Tuesday, November 4, 2014

latexdiff

Latex is great for making beautiful papers and OK for version control. But, collaborating can be as tough as ever. One great tool for comparing drafts in latexdiff.

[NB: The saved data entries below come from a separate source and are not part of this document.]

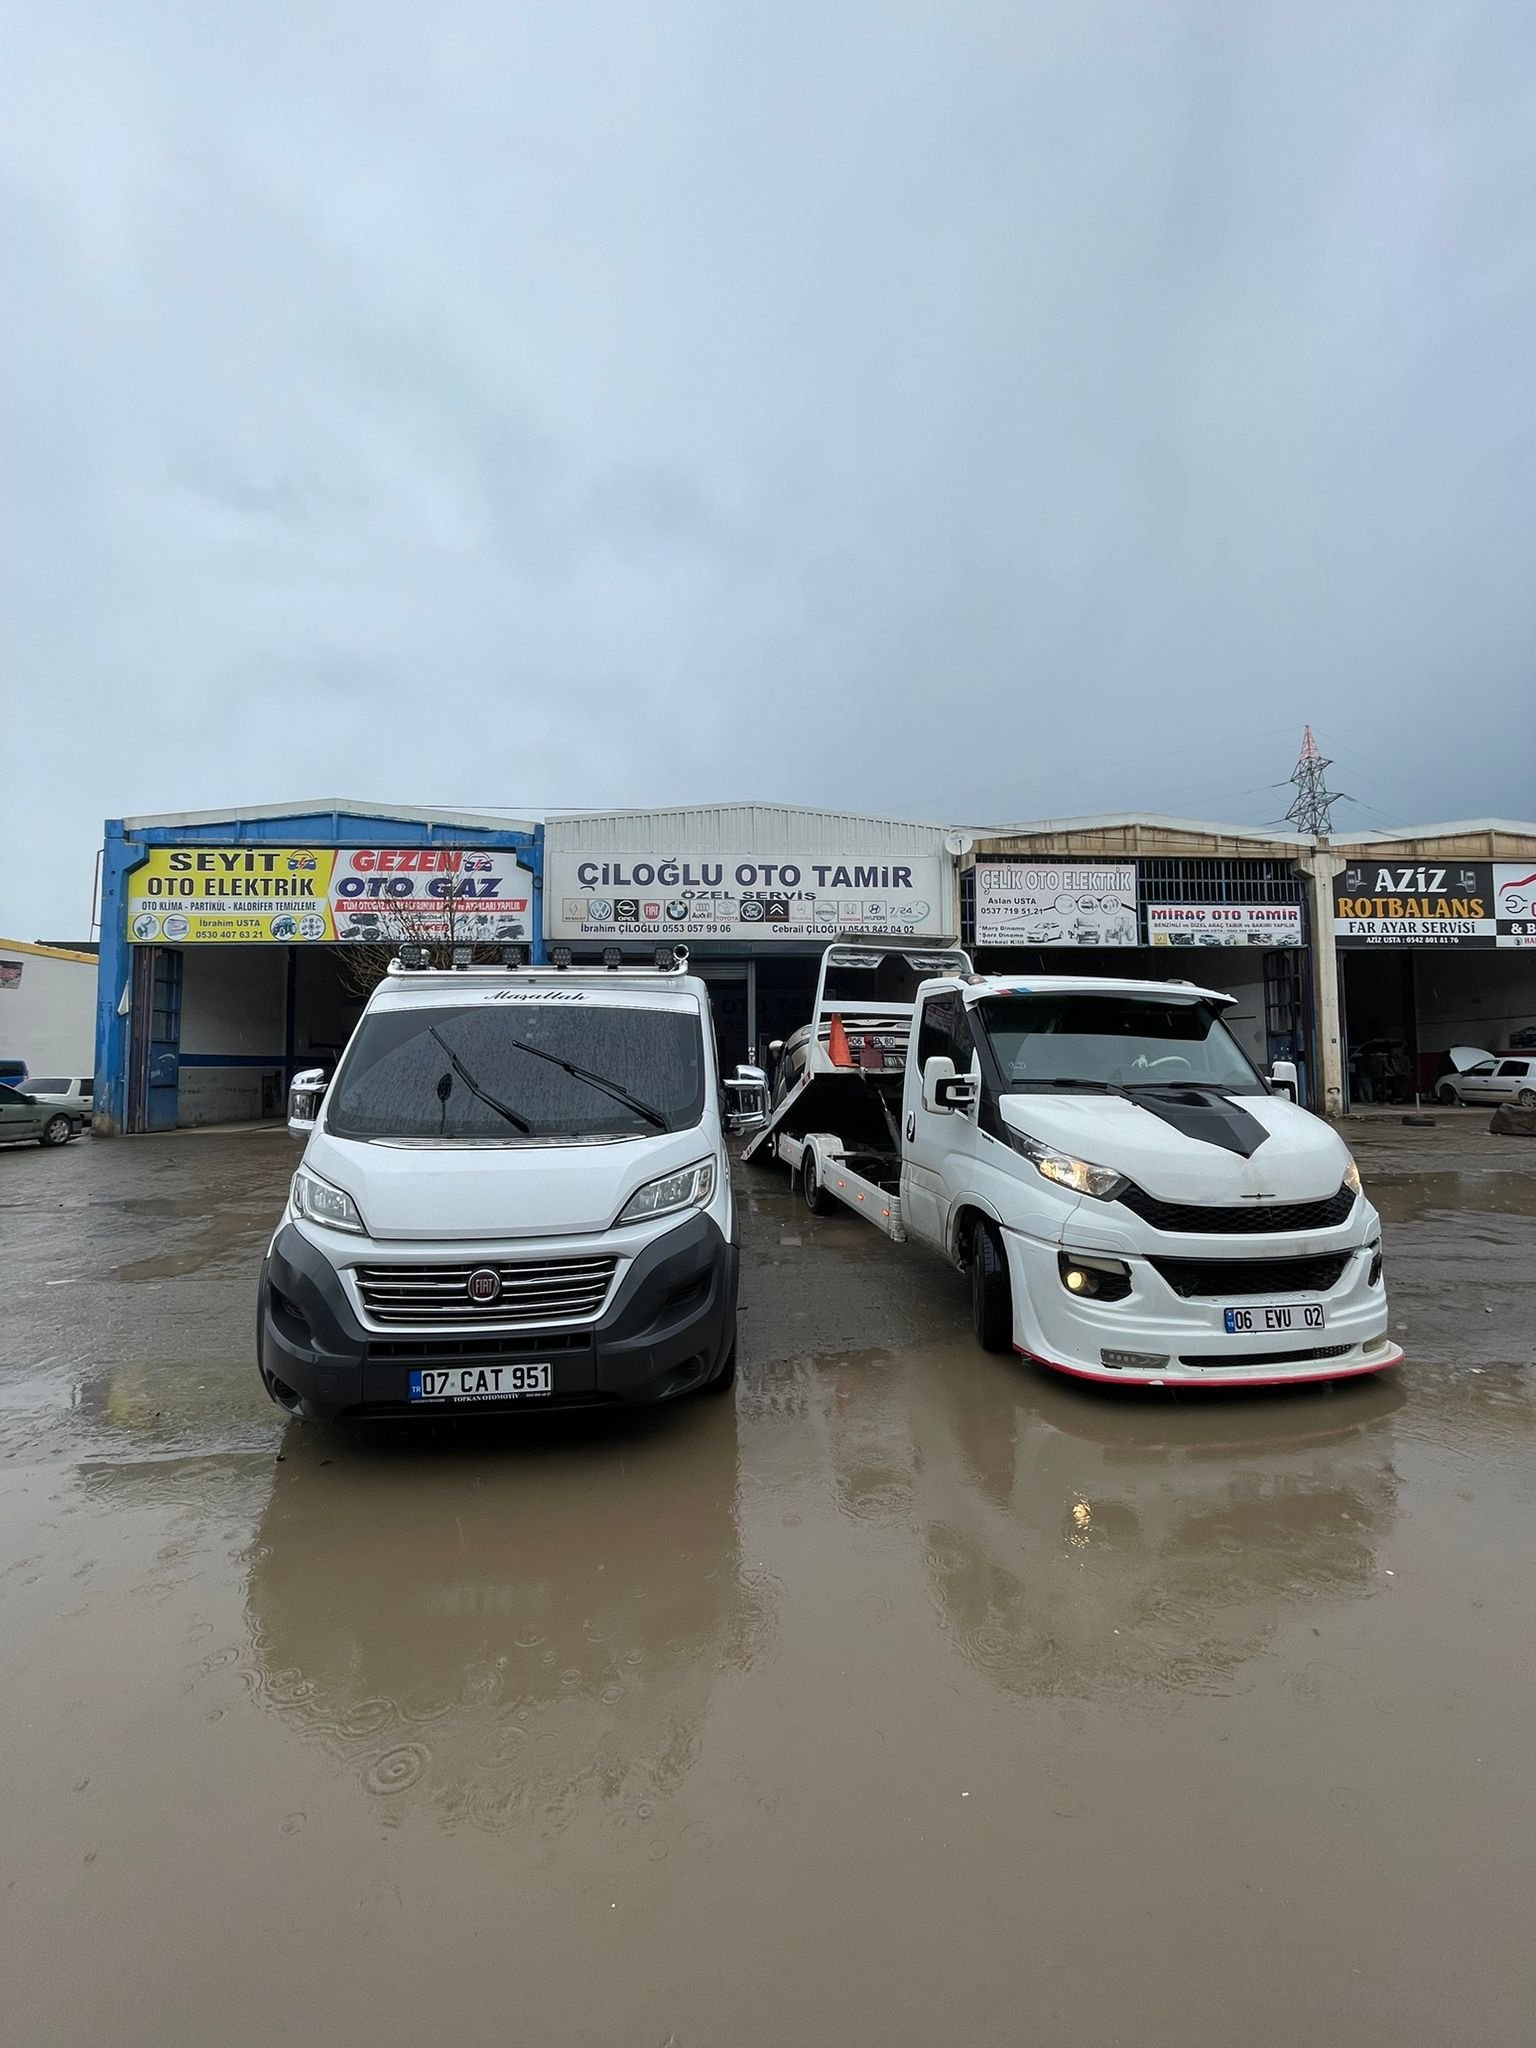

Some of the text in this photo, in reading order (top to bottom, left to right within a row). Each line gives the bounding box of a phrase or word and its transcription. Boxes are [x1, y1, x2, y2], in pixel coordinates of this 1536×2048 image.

[169, 849, 280, 871] SEYİT
[352, 850, 463, 872] GEZEN
[577, 857, 913, 892] ÇİLOĞLU OTO TAMİR
[980, 865, 1132, 895] ÇELİK OTO ELEKTRİK
[1374, 867, 1448, 893] AZİZ
[148, 874, 314, 896] OTO ELEKTRİK
[336, 877, 503, 898] OTO GAZ
[681, 889, 817, 900] ÖZEL SERVİS
[988, 897, 1037, 905] Aslan USTA
[142, 901, 157, 911] OTO
[159, 900, 183, 911] KLİMA
[190, 900, 226, 911] PARTİKÜL
[233, 900, 273, 911] KALORİFER
[276, 900, 316, 911] TEMİZLEME
[1337, 897, 1485, 918] ROTBALANS
[1151, 908, 1298, 922] MİRAÇ OTO TAMİR
[200, 919, 261, 928] İbrahim USTA
[581, 922, 731, 935] İbrahim ÇİLOĞLU 0553 057 99 06
[772, 924, 804, 933] Cebrail
[872, 925, 888, 933] 842
[891, 925, 902, 933] 04
[904, 925, 914, 934] 02
[1349, 921, 1476, 934] FAR AYAR SERVİSİ
[1511, 923, 1522, 934] &
[196, 931, 263, 939] 0530 407 63 21
[475, 1278, 493, 1293] FIAT
[1235, 1311, 1252, 1329] 06
[1265, 1309, 1292, 1328] EVU
[1304, 1308, 1322, 1326] 02
[422, 1372, 449, 1395] 07
[460, 1369, 503, 1393] CAT
[512, 1366, 549, 1389] 951

I found these directions particularly helpful for using latexdiff: https://www.sharelatex.com/blog/2013/02/16/using-latexdiff-for-marking-changes-to-tex-documents.html. In particular, this is the line I will need to use over and over again:

latexdiff draft.tex revision.tex > diff.tex


Thursday, June 12, 2014

Cluster Coordinates

My PhD research is on clusters of tiny little spheres. I often need to compute things for the spheres in specific configurations. I usually just figure out the coordinates each time. BUT, now I'm posting the most common configurations here, so that I can just look them up here. In python array format. The sphere diameter is assumed to be 1, and the center of each cluster is at the origin.

import numpy as np

single_coords = np.array(
       [0,0,0])

dimer_coords = np.array([
       [-.5,0,0],
       [.5,0,0]])

line_coords = np.array([
       [-1.,0,0],
       [0,0,0],
       [1.,0,0]])

tri_coords = np.array([
       [sqrt(3)/6.,-.5,0],
       [sqrt(3)/6., .5,0],
       [-sqrt(3)/3.,0,0]])

dia_coords = np.array([
       [0,-.5,0],
       [0,.5,0],
       [sqrt(3)/2.,0,0],
       [-sqrt(3)/2.,0,0]])

sq_coords = np.array([
       [-.5,.5,0],
       [-.5,-.5,0],
       [.5,.5,0],
       [.5,-.5,0]])

tetra_coords = np.array([
       [.5/sqrt(3),-.5,-(1/4.0)*sqrt(2/3.0)],
       [.5/sqrt(3),.5,-(1/4.0)*sqrt(2/3.0)],
       [-1/sqrt(3),0,-(1/4.0)*sqrt(2/3.0)],
       [ 0,0,(3/4.0)*sqrt(2/3.0)]])

trap_coords = np.array([
       [-1,sqrt(3)/5.,0],
       [0,sqrt(3)/5.,0],
       [1,sqrt(3)/5.,0],
       [-.5,-3*sqrt(3)/10.,0],
       [.5,-3*sqrt(3)/10.,0]])

bipyramid_coords = np.array([
       [.5/sqrt(3),-.5,0],
       [.5/sqrt(3),.5,0],
       [-1/sqrt(3),0,0],
       [0,0,sqrt(2/3.)],
       [0,0,-sqrt(2/3.)]])

oct_coords = np.array([[ 0.,  0.,  1./sqrt(2)],
       [ 0.,  1./sqrt(2),  0.],
       [ 1./sqrt(2),  0.,  0.],
       [ 0.,  -1./sqrt(2),  0.],
       [ -1./sqrt(2),  0.,  0.],
       [ 0.,  0.,  -1./sqrt(2)]])

pol_coords = np.array([
       [-.5/(sqrt(2)),.5/(sqrt(2)),.5/(sqrt(2))+.19641855032959654],
       [.5/(sqrt(2)),.5/(sqrt(2)),-.5/(sqrt(2))+.19641855032959654],
       [.5/(sqrt(2)),-.5/(sqrt(2)),.5/(sqrt(2))+.19641855032959654],
       [-.5/(sqrt(2)),-.5/(sqrt(2)),-.5/(sqrt(2))+.19641855032959654],
       [5/6.0/sqrt(2),-5/6.0/sqrt(2),-5/6.0/sqrt(2)+.19641855032959654],
       [-5/6.0/sqrt(2), 5/6.0/sqrt(2),-5/6.0/sqrt(2)+.19641855032959654]])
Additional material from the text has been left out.